## Text-to-region grounding data
■ ■ ■ ■ ■
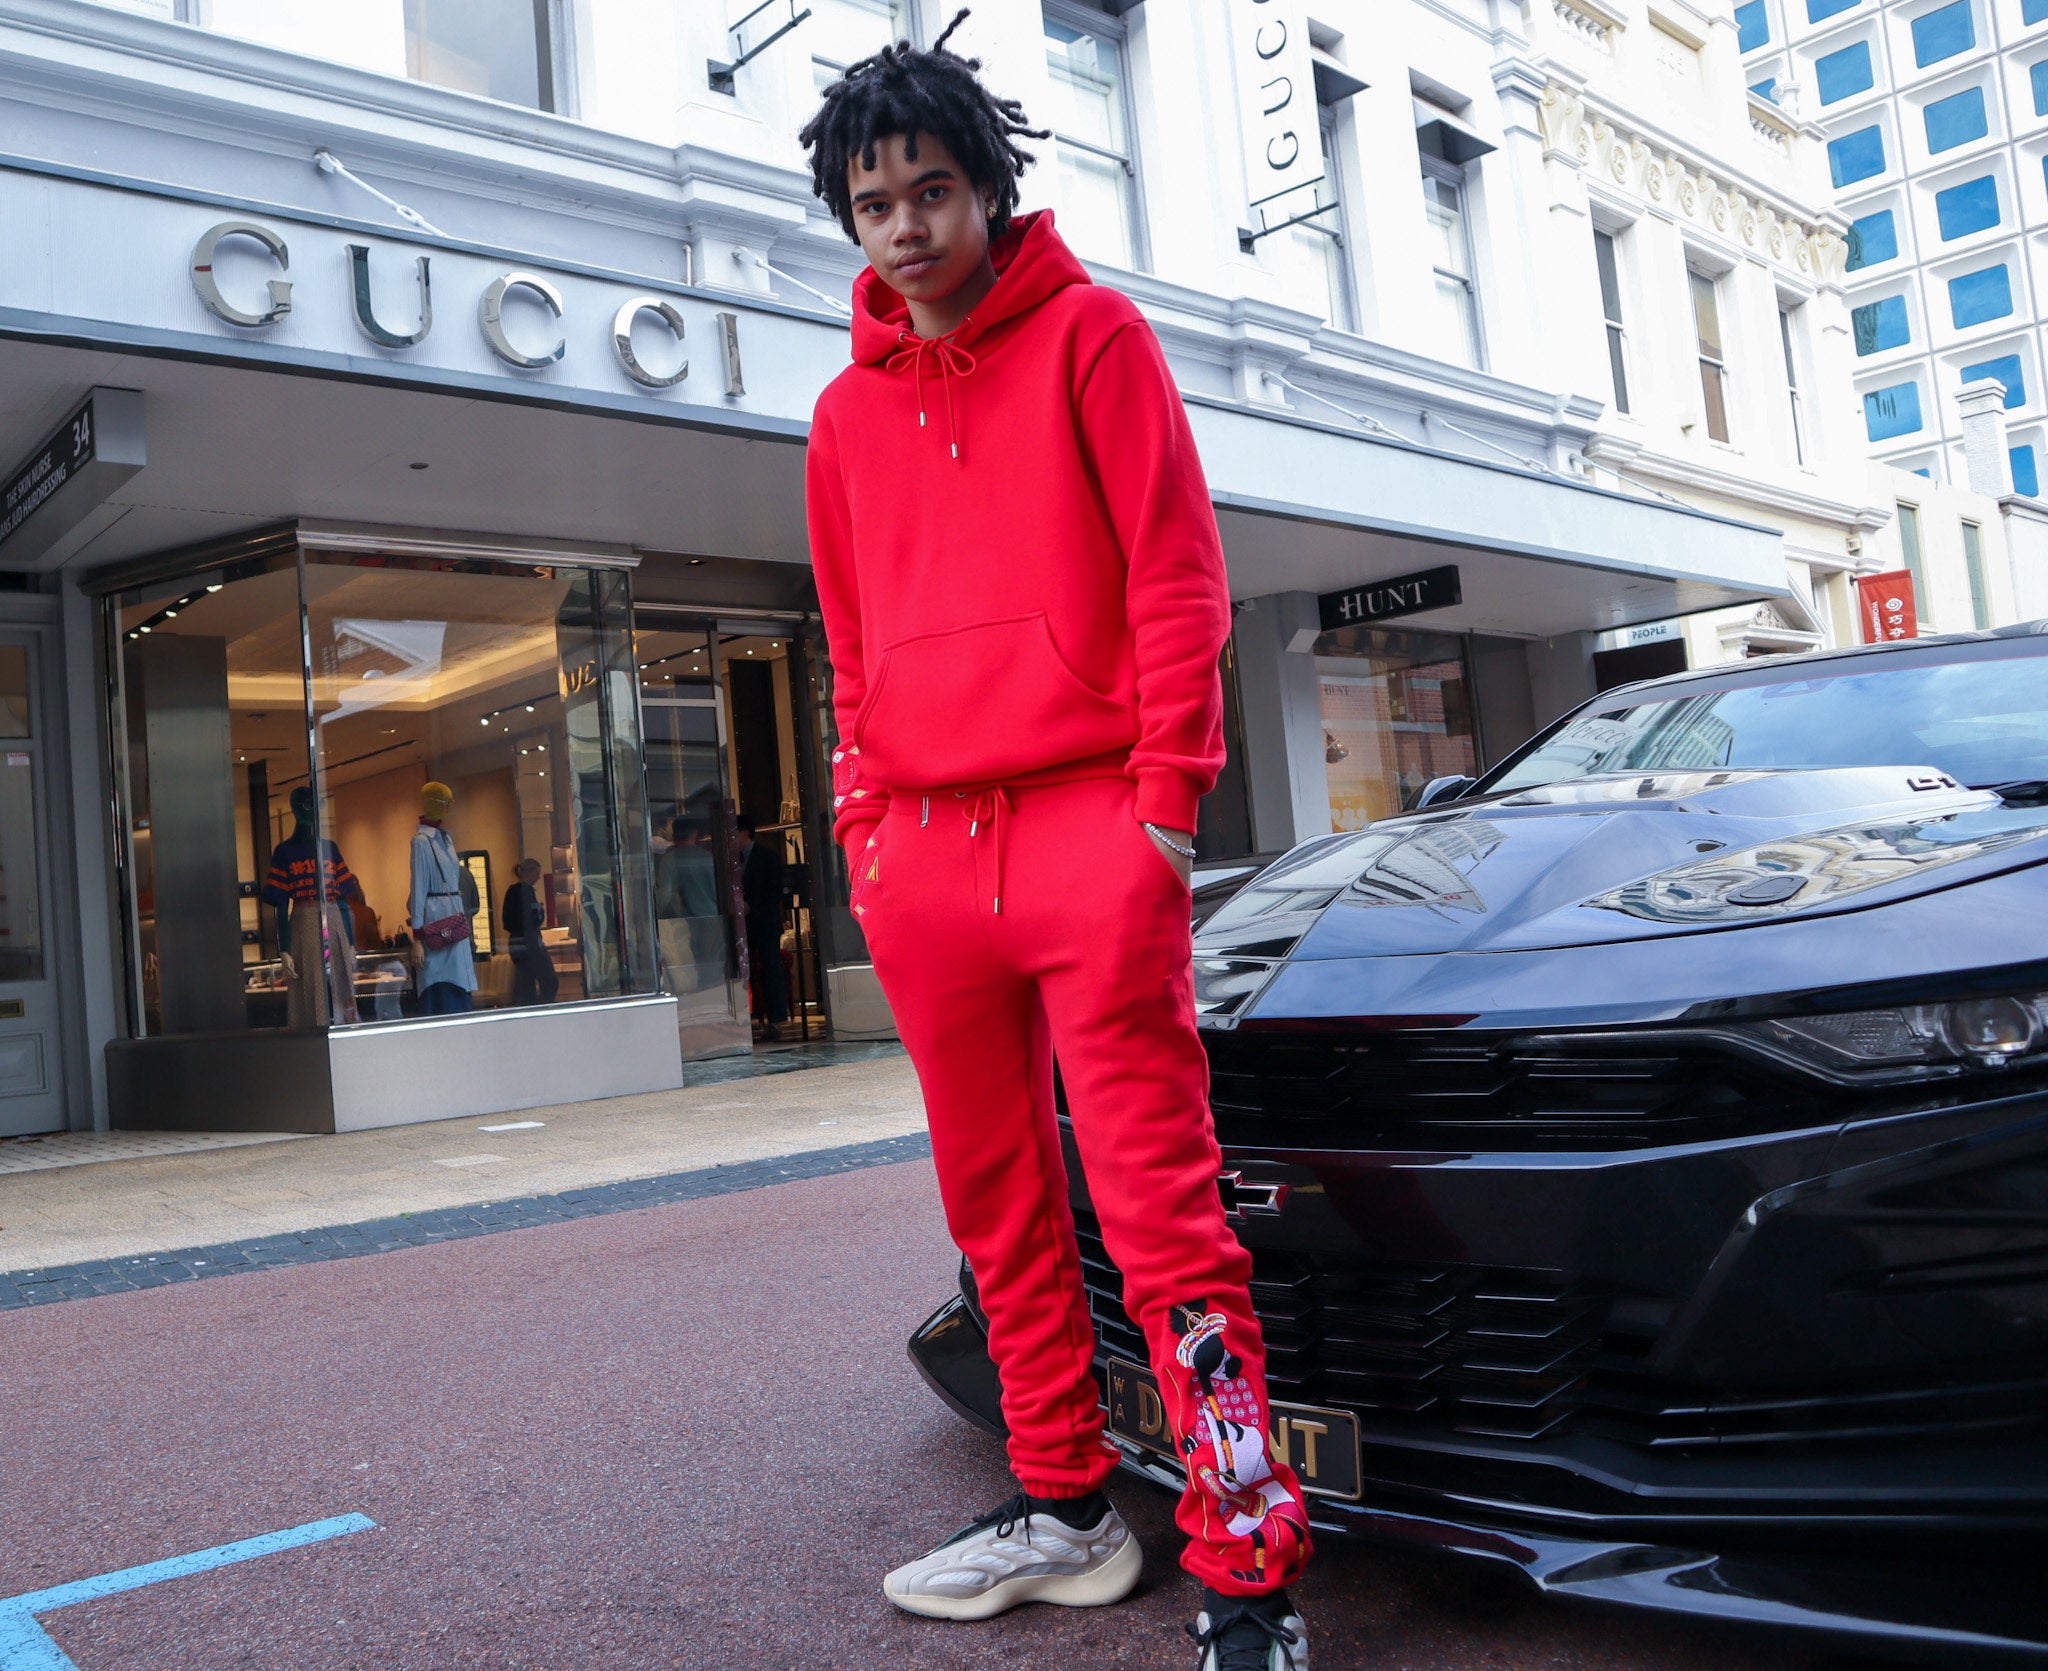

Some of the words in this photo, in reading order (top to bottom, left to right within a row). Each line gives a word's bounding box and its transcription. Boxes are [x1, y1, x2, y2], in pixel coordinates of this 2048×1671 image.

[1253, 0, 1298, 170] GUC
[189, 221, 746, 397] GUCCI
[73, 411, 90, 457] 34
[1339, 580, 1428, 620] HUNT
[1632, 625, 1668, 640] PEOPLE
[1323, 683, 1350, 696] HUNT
■ ■ ■ ■ ■
Please return the entries above exactly as they appear, but without the pictures.

## SOLUTION TO THIS EXERCISE
Some of the words in this photo, in reading order (top to bottom, left to right within a row). Each line gives a word's bounding box and its transcription. Boxes are [x1, y1, x2, y2], in pixel coordinates of this 2048×1671 image.

[1253, 0, 1298, 170] GUC
[189, 221, 746, 397] GUCCI
[73, 411, 90, 457] 34
[1339, 580, 1428, 620] HUNT
[1632, 625, 1668, 640] PEOPLE
[1323, 683, 1350, 696] HUNT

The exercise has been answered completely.